About this task |
Which lines of the records contain "SPONCH"? Collect every one of them.
------ Information ------
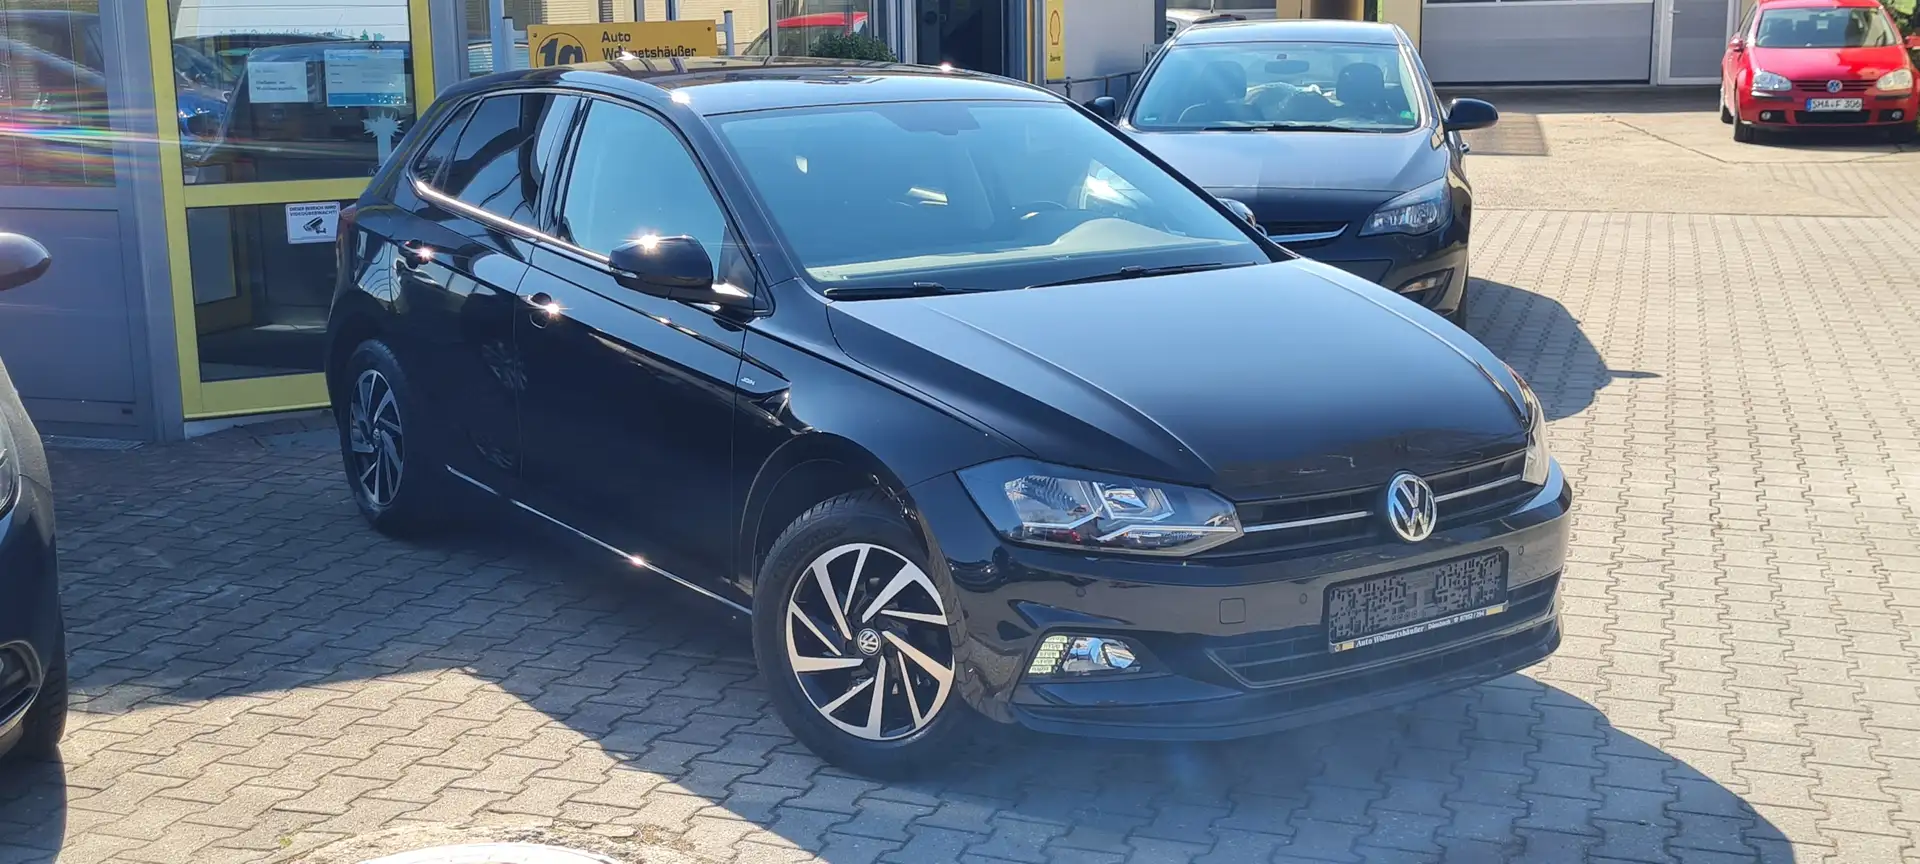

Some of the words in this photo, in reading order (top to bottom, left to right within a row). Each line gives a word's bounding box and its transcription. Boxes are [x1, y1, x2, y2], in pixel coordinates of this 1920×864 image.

[601, 31, 631, 43] Auto
[602, 45, 697, 61] Wometshäußer
[1355, 637, 1373, 648] Auto
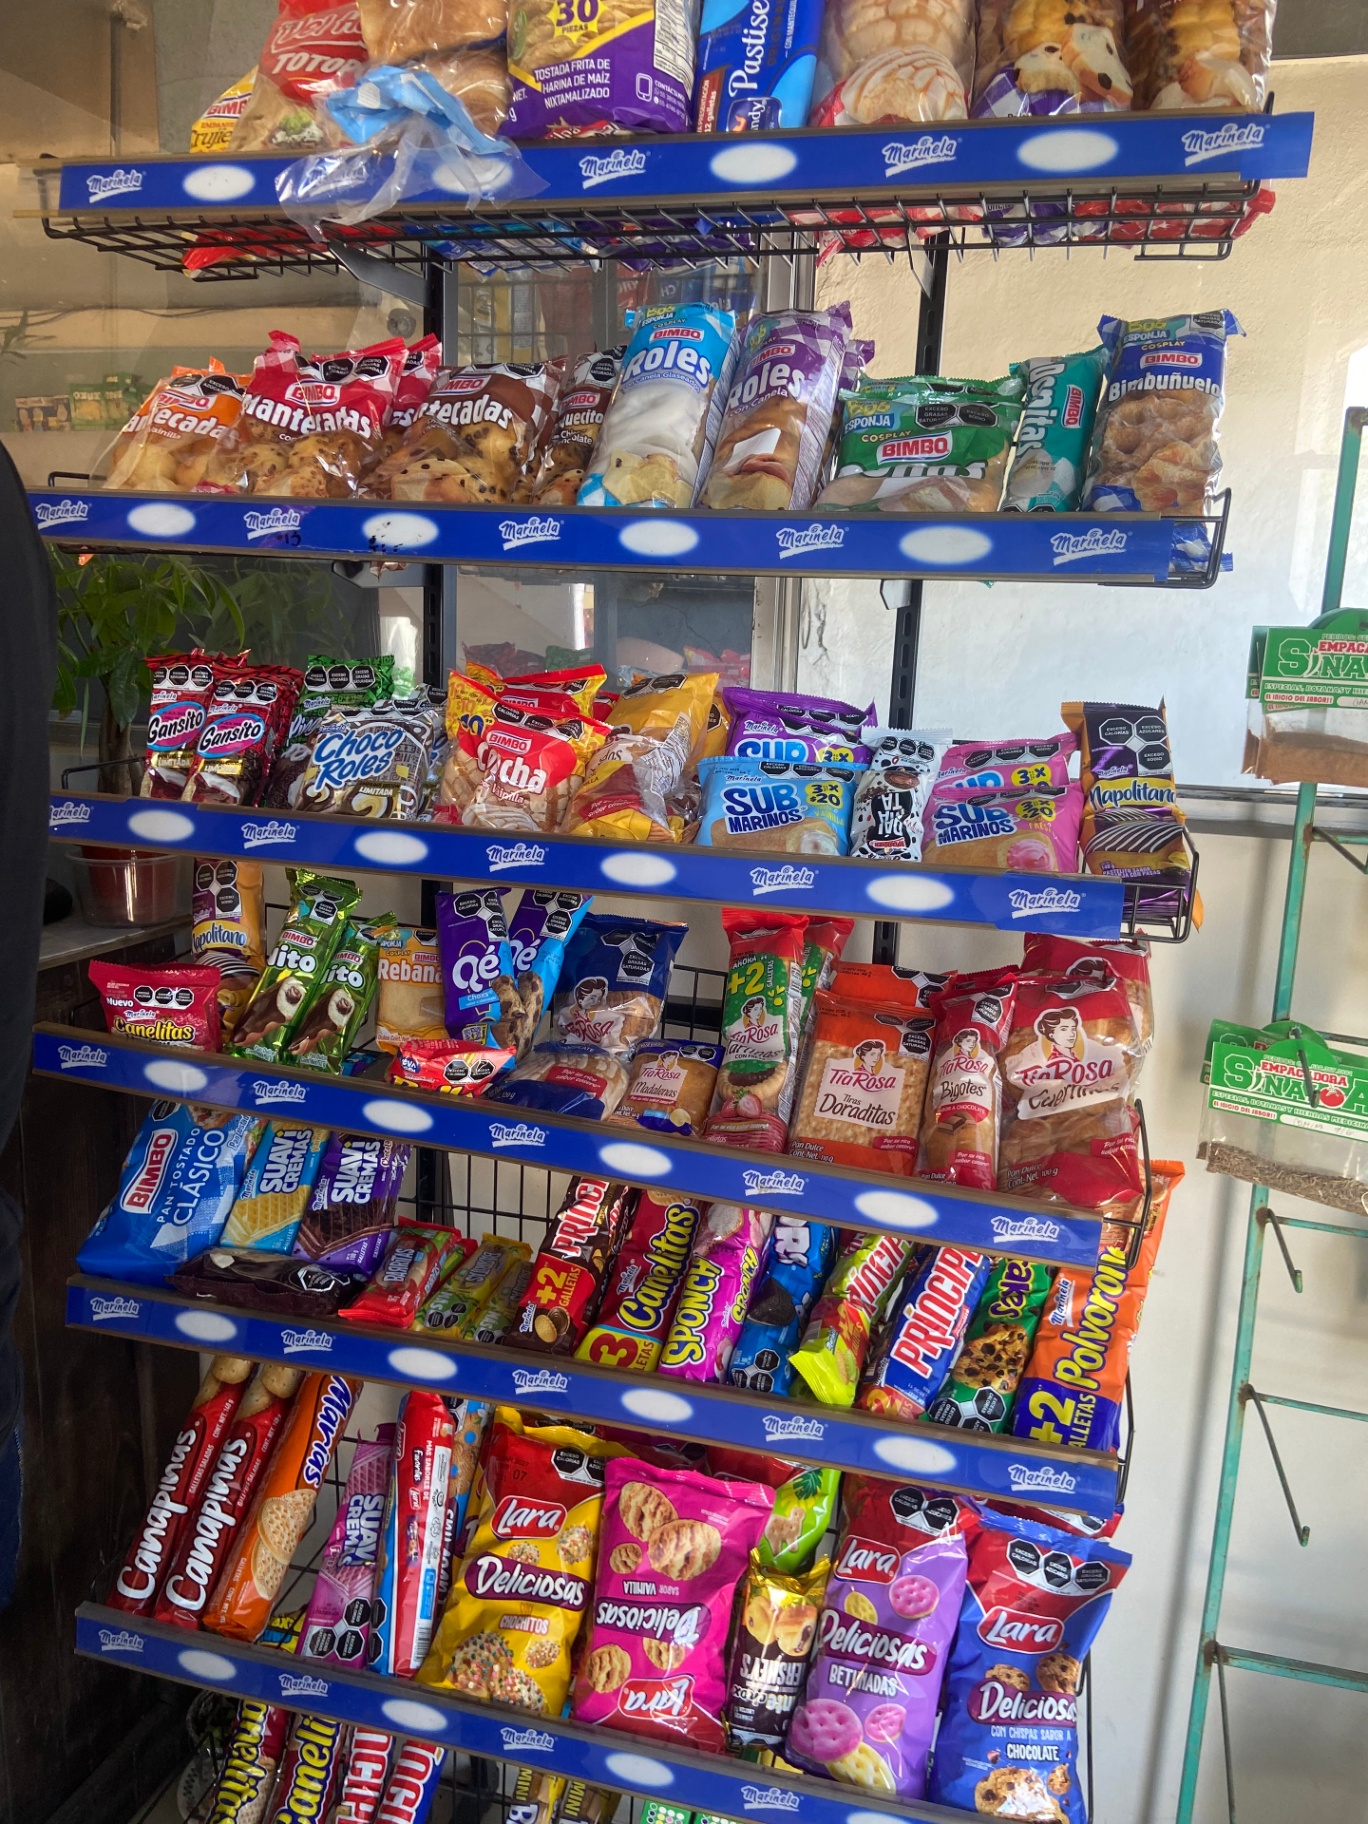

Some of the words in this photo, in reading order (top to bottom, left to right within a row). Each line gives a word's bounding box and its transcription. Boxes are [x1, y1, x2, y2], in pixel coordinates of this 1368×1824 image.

[556, 0, 599, 26] 30
[561, 23, 589, 34] PIEZAS
[272, 52, 364, 74] TOTOP
[534, 64, 571, 81] TOSTADA
[571, 60, 595, 75] FRITA
[597, 59, 610, 69] DE
[542, 78, 573, 94] HARINA
[573, 77, 586, 87] DE
[588, 70, 610, 84] MAÍZ
[544, 87, 610, 109] NIXTAMALIZADO
[1182, 123, 1265, 153] Marinela
[882, 136, 956, 166] Marinela
[579, 150, 646, 178] Marinela
[87, 169, 143, 194] Marinela
[654, 329, 701, 340] BIMBO
[1123, 331, 1167, 343] ESPONJA
[1141, 341, 1186, 351] COSPLAY
[622, 341, 710, 385] Roles
[1144, 354, 1199, 364] BIMBO
[293, 386, 336, 400] BIMBO
[729, 364, 805, 408] Roles
[1064, 387, 1082, 427] BIMBO
[845, 414, 891, 434] ESPONJA
[862, 430, 911, 443] COSPLAY
[882, 437, 948, 458] BIMBO
[36, 500, 88, 520] Marinela
[244, 508, 301, 529] Marinela
[499, 517, 559, 541] Marinela
[775, 523, 843, 547] Marinela
[1050, 528, 1127, 552] Marinela
[148, 709, 204, 743] Gansito
[199, 721, 262, 752] Gansito
[314, 728, 403, 764] Choco
[488, 734, 528, 751] BIMBO
[315, 750, 394, 792] Roles
[358, 787, 394, 797] LIMITADA
[724, 784, 800, 816] SUB
[242, 822, 297, 842] Marinela
[728, 809, 802, 834] MARINOS
[938, 820, 1014, 844] MARINOS
[486, 844, 545, 865] Marinela
[750, 865, 814, 888] Marinela
[1009, 887, 1080, 910] Marinela
[281, 931, 315, 946] BIMBO
[732, 956, 757, 968] AHORA
[727, 961, 766, 996] +2
[106, 997, 134, 1008] Nuevo
[114, 1016, 195, 1042] Canelitas
[58, 1045, 107, 1063] Marinela
[955, 1056, 988, 1074] Rosa
[830, 1067, 853, 1086] Tía
[851, 1069, 897, 1092] Rosa
[1046, 1060, 1113, 1085] Rosa
[1261, 1061, 1348, 1087] EMPACDORA
[254, 1081, 307, 1101] Marinela
[633, 1081, 677, 1097] Madalenas
[842, 1094, 862, 1105] Tiras
[941, 1079, 986, 1102] Bigotes
[819, 1093, 897, 1125] Doraditas
[489, 1124, 547, 1145] Marinela
[792, 1141, 804, 1149] Pan
[805, 1142, 824, 1152] Dulce
[127, 1133, 173, 1208] BIMBO
[281, 1127, 313, 1194] CREMAS
[354, 1141, 381, 1204] CREMAS
[1007, 1169, 1020, 1178] Pan
[1021, 1163, 1041, 1175] Dulce
[156, 1197, 175, 1223] PAN
[170, 1128, 201, 1187] TOSTADO
[173, 1130, 225, 1225] CLÁSICO
[240, 1168, 257, 1200] Marinela
[743, 1170, 805, 1190] Marinela
[1008, 1178, 1024, 1189] Cont.
[1026, 1173, 1039, 1182] Net.
[312, 1177, 330, 1211] Marinela
[991, 1216, 1060, 1239] Marinela
[357, 1238, 369, 1264] GALLETAS
[618, 1206, 698, 1328] Canelitas
[618, 1264, 638, 1293] Marinela
[536, 1266, 568, 1305] +2
[561, 1267, 581, 1307] GALLETAS
[732, 1248, 759, 1323] SPONCH
[90, 1297, 140, 1316] Marinela
[663, 1256, 722, 1366] SPONCH
[1050, 1278, 1070, 1327] Marinela
[519, 1304, 536, 1332] Marinela
[281, 1330, 333, 1349] Marinela
[512, 1369, 569, 1390] Marinela
[764, 1415, 824, 1436] Marinela
[1029, 1391, 1076, 1445] +2
[556, 1455, 582, 1466] CALORÍAS
[559, 1450, 581, 1460] EXCESO
[423, 1455, 432, 1487] SABORES
[1010, 1464, 1076, 1489] Marinela
[116, 1428, 197, 1600] Canapinas
[165, 1438, 248, 1611] Canapinas
[499, 1499, 558, 1536] Lara
[838, 1539, 895, 1576] Lara
[1014, 1547, 1036, 1559] EXCESO
[477, 1556, 585, 1607] Deliciosas
[623, 1581, 656, 1595] VAINILLA
[659, 1584, 680, 1595] SABOR
[500, 1615, 550, 1635] CHOCHITOS
[596, 1601, 702, 1647] Deliciosas
[985, 1611, 1055, 1644] Lara
[99, 1631, 144, 1651] Marinela
[820, 1610, 928, 1670] Deliciosas
[279, 1674, 329, 1696] Marinela
[625, 1681, 688, 1716] Lara
[501, 1728, 555, 1751] Marinela
[991, 1726, 1006, 1738] CON
[1008, 1726, 1038, 1741] CHISPAS
[1040, 1729, 1064, 1741] SABOR
[1066, 1731, 1072, 1741] A
[1006, 1743, 1060, 1762] CHOCOLATE
[564, 1780, 585, 1817] MINI
[741, 1785, 799, 1808] Marinela
------
Your response |
[732, 1248, 759, 1323] SPONCH
[663, 1256, 722, 1366] SPONCH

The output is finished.